Réseau social des ados par excellence, TikTok est désormais bien plus que cela. Selon les données publiées par ByteDance, la société-mère, c’est désormais un terrain de jeu à 3 millions d’utilisateurs en Belgique (en tout cas pour les comptes actifs). Certains politiques l’ont compris, la majorité pas encore. Ça dit quoi la bulle politique sur TikTok ?
Première constatation, aucun parti politique belge ne dispose d’un compte TikTok à l’exception du Vlaams Belang. Fort de ses 18.300 abonnés, le compte cumule plus d’un million de vues et des dizaines de milliers de likes. Si les courtes vidéos – point cardinal de TikTok – ont pour vocation à être ludiques, elles ne sont pas là que pour faire rire les fans mais pour communiquer un message politique. Dans le cas du VB, un message (nauséabond) visant à dénoncer ‘les mosquées qui ne respectent par les règles corona’ a récolté par exemple 200.000 vues.
Au niveau des personnalités politiques, elles se comptent sur les doigts. Mais le plus populaire vous étonnera sans doute. Il s’agit d’Elio Di Rupo (PS), avec 30.000 abonnés. Et les millions de vues pleuvent, comme l’a annoncé fièrement Nicolas Dieudonné sur Twitter ce jeudi, le conseiller réseaux sociaux du ministre-président wallon. 4 millions de vues en tout et près de 200.000 likes. Les vidéos humoristiques s’entremêlent avec des messages politiques plus sérieux.
Derrière, on retrouve le président du Vlaams Belang, Tom Van Grieken, 27.000 abonnés. Ses vidéos sont un mélange d’indignation, de dénonciations et d’auto-promo, tout en apparaissant sympa et drôle aux yeux de sa communauté.
Derrière, on joue pour le moment dans une autre division. On retrouve principalement Georges-Louis Bouchez, président du MR et Conner Rousseau, président du sp.a. Avec respectivement 2.800 et 3.138 abonnés. GLB tâte le terrain et marque son territoire sans discours politiques purs et durs, mais avec des vidéos plus intimes, à l’humour plus ou moins réussi.
Du côté du jeune socialiste, 27 ans, c’est plus inné. Mais King Connah préfère largement Instagram à TikTok. Sa présence se résume d’ailleurs à seulement 4 vidéos.
Pour le reste, on a repéré Margaux De Ré et Rajae Maouane (Ecolo), ou encore Leila Agic et Frédéric Daerden (PS). A notre connaissance pas d’élus DéFI ou du cdH. Plus étonnant, pas de compte du PTB ou de Raoul Hedebauw. Pourtant, certains discours en néerlandais du porte-parole francophone des communistes fonctionnent fort sur un compte qui ne semble pas officiel.
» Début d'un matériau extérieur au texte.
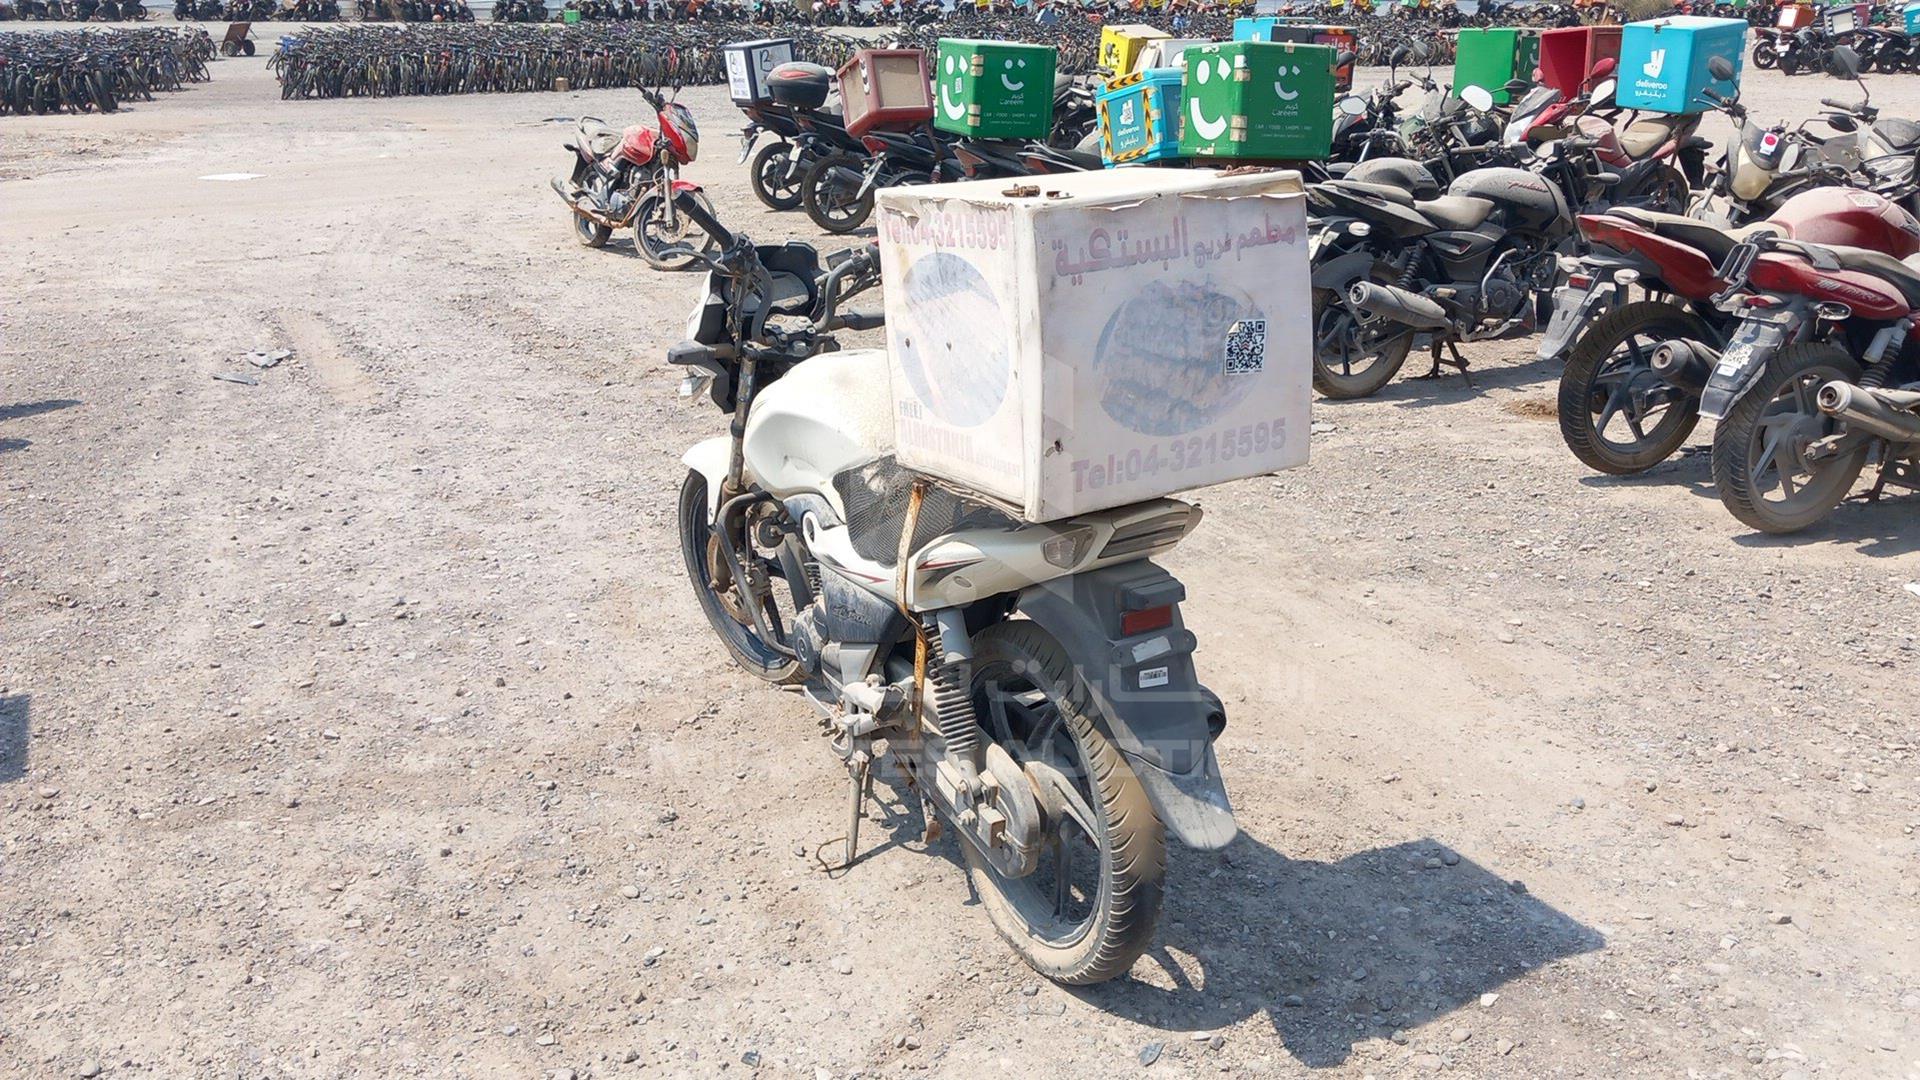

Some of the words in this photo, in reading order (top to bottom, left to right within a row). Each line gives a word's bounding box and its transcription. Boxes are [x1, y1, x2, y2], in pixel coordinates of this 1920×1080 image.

Bien sûr, on reste bien loin de la star belge de TikTok, @célinedept, et ses 10 millions d’abonnés. Mais TikTok ne devrait-il pas commencer à trotter dans la tête des communicants des partis?
Pour Nicolas Dieudonné, conseiller d’Elio Di Rupo, c’est ‘un excellent moyen de faire découvrir le monde politique à une génération qui ne s’y attarde pas spécialement. 98% de nos abonnés sont localisés en Belgique’. C’est un argument que l’on rencontre souvent.
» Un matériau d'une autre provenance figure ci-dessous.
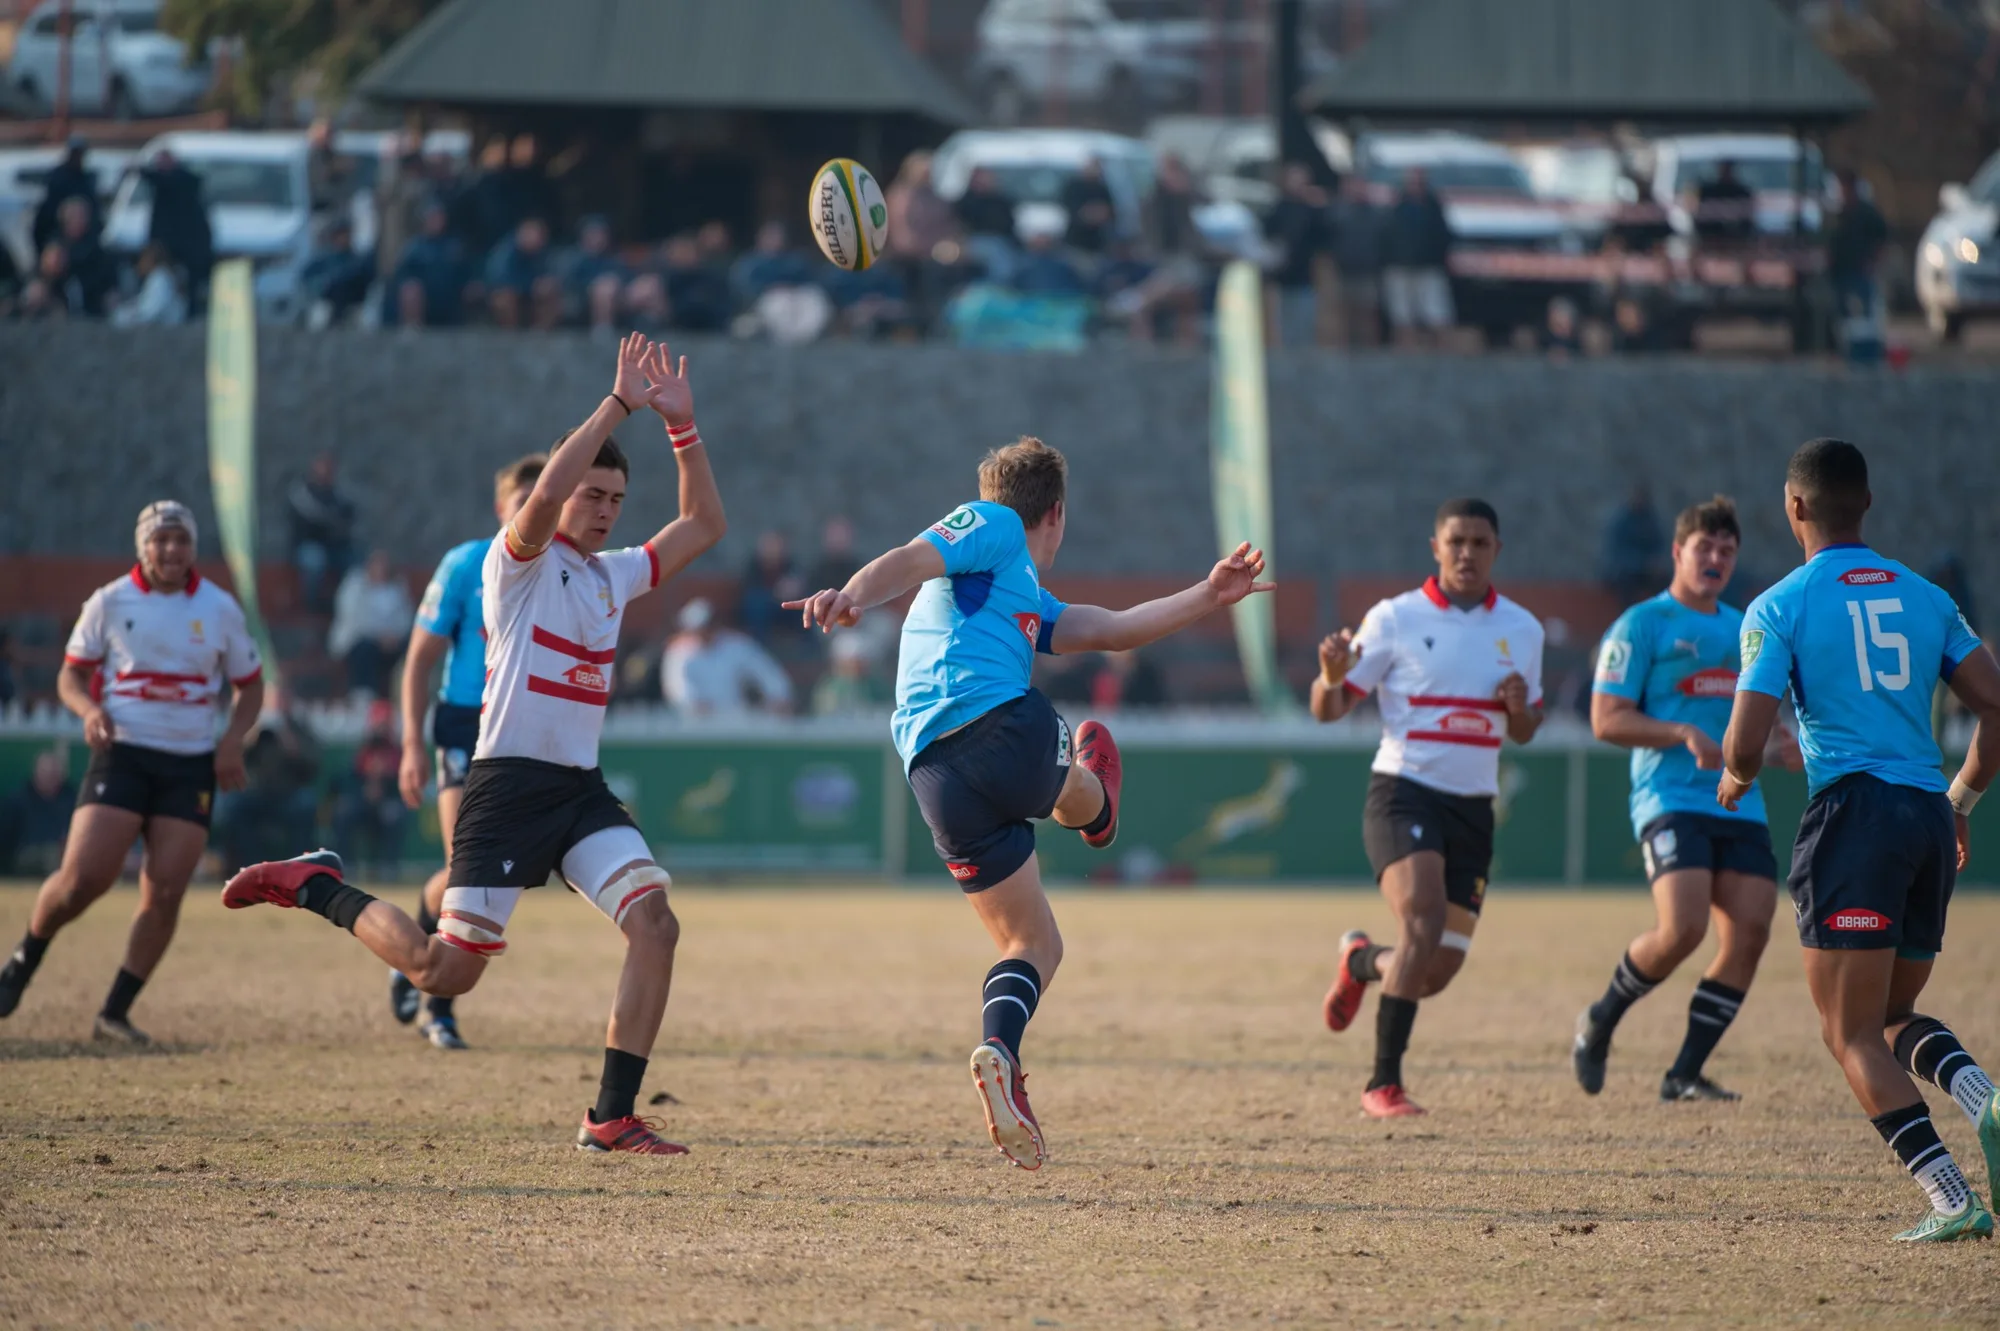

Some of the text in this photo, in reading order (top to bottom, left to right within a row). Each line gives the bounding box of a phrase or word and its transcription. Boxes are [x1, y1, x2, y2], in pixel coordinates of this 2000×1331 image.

[821, 181, 848, 266] GILBERT
[931, 525, 955, 541] PAR
[1848, 571, 1888, 583] OBARO
[1846, 598, 1910, 692] 15
[1836, 915, 1879, 928] OBARO
Encore faut-il comprendre les codes du réseau social: ‘Certaines personnalités politiques se lancent sans comprendre les codes de l’application. Du coup, leurs contenus ne décollent pas. Nous avons une approche différente qui est de s’adapter aux tendances de TikTok pour avoir le plus de visibilité possible. Et ça fonctionne ! Je pense que quand les politiques belges comprendront mieux le fonctionnement de l’application, ils s’y investiront plus, mais actuellement ce n’est pas encore le cas.’
Bon calcul?
Ce n’est pas le seul frein. Davantage que suivre une tendance, il faut savoir que la publicité politique est interdite sur TikTok au contraire de Facebook. De plus, il n’est pas possible d’y intégrer un URL qui mènerait à une autre forme de contenu: un site web, une newsletter, un article.
Mais il est vrai que le public de TikTok n’est pas le même que celui d’Instagram, et certainement pas celui de Facebook. Le tout est de savoir si cela peut se concrétiser en popularité pour son initiateur, et au bout du compte, en votes.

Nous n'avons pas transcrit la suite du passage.